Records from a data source
________________

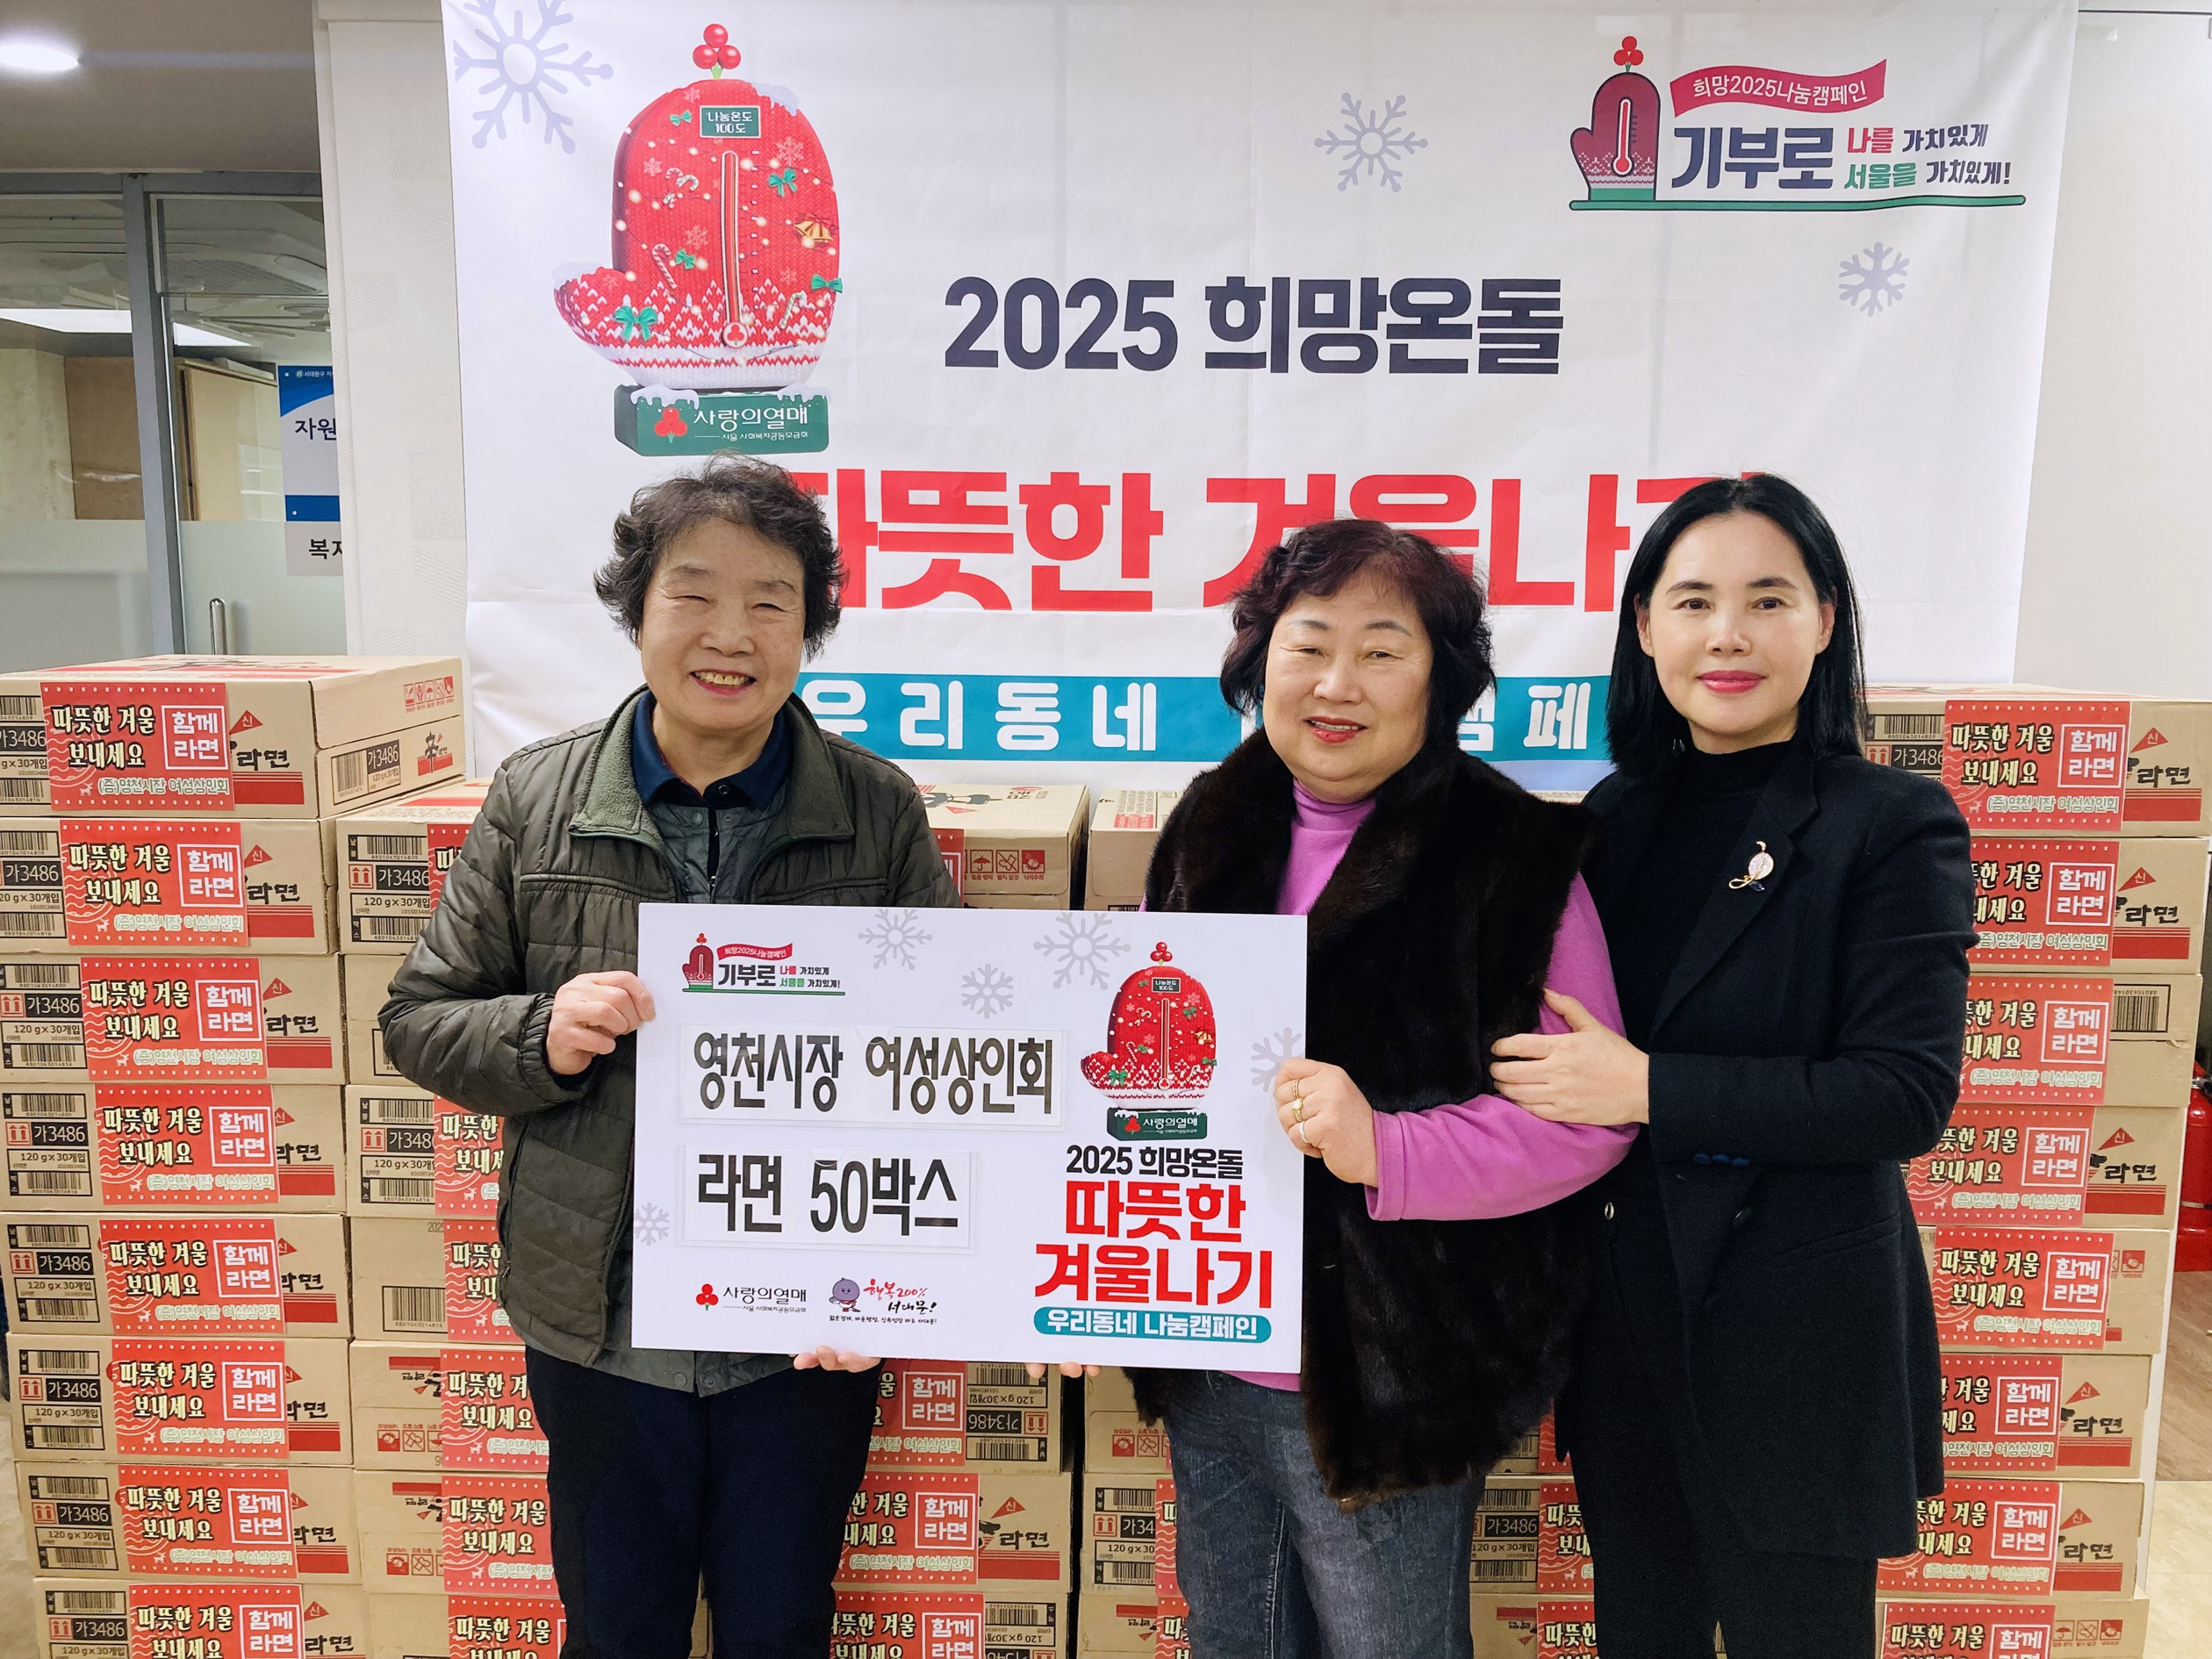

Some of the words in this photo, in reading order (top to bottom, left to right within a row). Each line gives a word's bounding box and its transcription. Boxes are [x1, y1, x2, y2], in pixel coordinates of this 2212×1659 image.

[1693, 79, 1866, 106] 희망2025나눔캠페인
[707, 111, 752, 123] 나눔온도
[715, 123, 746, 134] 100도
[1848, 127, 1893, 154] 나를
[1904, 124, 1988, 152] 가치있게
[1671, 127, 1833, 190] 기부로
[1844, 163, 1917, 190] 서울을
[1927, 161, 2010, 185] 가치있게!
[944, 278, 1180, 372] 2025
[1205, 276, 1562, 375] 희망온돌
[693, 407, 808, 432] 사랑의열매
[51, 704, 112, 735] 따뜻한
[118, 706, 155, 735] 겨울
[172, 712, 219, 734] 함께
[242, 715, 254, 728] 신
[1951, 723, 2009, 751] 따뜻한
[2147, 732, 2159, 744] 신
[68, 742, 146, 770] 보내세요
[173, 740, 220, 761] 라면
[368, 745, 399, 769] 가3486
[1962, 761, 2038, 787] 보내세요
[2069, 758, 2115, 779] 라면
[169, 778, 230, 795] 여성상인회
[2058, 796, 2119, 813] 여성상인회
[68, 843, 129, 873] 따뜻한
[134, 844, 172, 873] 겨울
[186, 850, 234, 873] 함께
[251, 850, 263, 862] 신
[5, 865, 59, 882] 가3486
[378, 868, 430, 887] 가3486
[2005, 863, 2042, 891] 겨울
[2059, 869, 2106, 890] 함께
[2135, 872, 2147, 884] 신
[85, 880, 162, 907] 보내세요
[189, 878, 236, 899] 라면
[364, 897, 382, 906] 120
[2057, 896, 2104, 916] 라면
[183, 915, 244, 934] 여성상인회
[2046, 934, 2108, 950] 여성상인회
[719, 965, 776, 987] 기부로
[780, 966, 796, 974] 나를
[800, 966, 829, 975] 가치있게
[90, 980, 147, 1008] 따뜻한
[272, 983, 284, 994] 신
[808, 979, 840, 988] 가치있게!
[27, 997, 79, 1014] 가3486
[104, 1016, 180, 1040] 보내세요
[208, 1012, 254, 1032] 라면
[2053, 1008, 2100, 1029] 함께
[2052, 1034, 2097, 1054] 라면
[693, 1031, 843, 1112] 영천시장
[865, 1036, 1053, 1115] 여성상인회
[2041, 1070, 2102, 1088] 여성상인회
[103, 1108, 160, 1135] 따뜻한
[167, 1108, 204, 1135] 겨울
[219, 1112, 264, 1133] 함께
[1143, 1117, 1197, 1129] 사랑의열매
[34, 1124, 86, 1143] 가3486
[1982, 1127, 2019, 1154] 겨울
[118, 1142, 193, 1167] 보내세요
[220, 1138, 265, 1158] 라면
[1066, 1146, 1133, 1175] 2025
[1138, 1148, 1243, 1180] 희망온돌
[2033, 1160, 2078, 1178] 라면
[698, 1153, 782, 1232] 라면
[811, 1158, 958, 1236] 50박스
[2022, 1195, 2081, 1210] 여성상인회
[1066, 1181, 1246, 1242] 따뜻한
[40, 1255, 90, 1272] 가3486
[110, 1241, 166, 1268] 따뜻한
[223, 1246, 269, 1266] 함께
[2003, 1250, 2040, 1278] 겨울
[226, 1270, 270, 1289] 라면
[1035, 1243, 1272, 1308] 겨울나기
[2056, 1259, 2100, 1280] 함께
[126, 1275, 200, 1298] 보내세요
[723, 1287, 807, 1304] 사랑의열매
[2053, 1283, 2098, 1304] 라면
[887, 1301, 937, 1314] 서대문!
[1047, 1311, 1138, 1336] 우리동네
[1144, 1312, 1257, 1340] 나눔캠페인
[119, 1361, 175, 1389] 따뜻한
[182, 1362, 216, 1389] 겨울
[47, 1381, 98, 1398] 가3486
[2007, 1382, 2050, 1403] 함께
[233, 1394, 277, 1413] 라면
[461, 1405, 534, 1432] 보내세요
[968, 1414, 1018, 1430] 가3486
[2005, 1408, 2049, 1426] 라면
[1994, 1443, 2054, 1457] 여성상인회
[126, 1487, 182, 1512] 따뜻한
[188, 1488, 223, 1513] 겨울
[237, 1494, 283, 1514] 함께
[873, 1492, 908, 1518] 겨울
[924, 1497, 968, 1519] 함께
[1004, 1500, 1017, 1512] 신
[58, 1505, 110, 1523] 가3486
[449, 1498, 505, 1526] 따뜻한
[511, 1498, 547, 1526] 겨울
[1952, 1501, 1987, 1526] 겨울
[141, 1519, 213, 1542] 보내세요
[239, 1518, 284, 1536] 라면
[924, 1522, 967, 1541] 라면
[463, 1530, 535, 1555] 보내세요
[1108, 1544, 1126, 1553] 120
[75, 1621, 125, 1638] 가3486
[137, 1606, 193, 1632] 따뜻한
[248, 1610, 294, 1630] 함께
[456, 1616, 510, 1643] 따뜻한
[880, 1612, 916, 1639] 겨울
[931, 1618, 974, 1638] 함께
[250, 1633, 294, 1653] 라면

________________

*What you should do*: Your answer should consist of the lines above that hold the word "희망온돌", copied exactly.

*Result of this task*:
[1205, 276, 1562, 375] 희망온돌
[1138, 1148, 1243, 1180] 희망온돌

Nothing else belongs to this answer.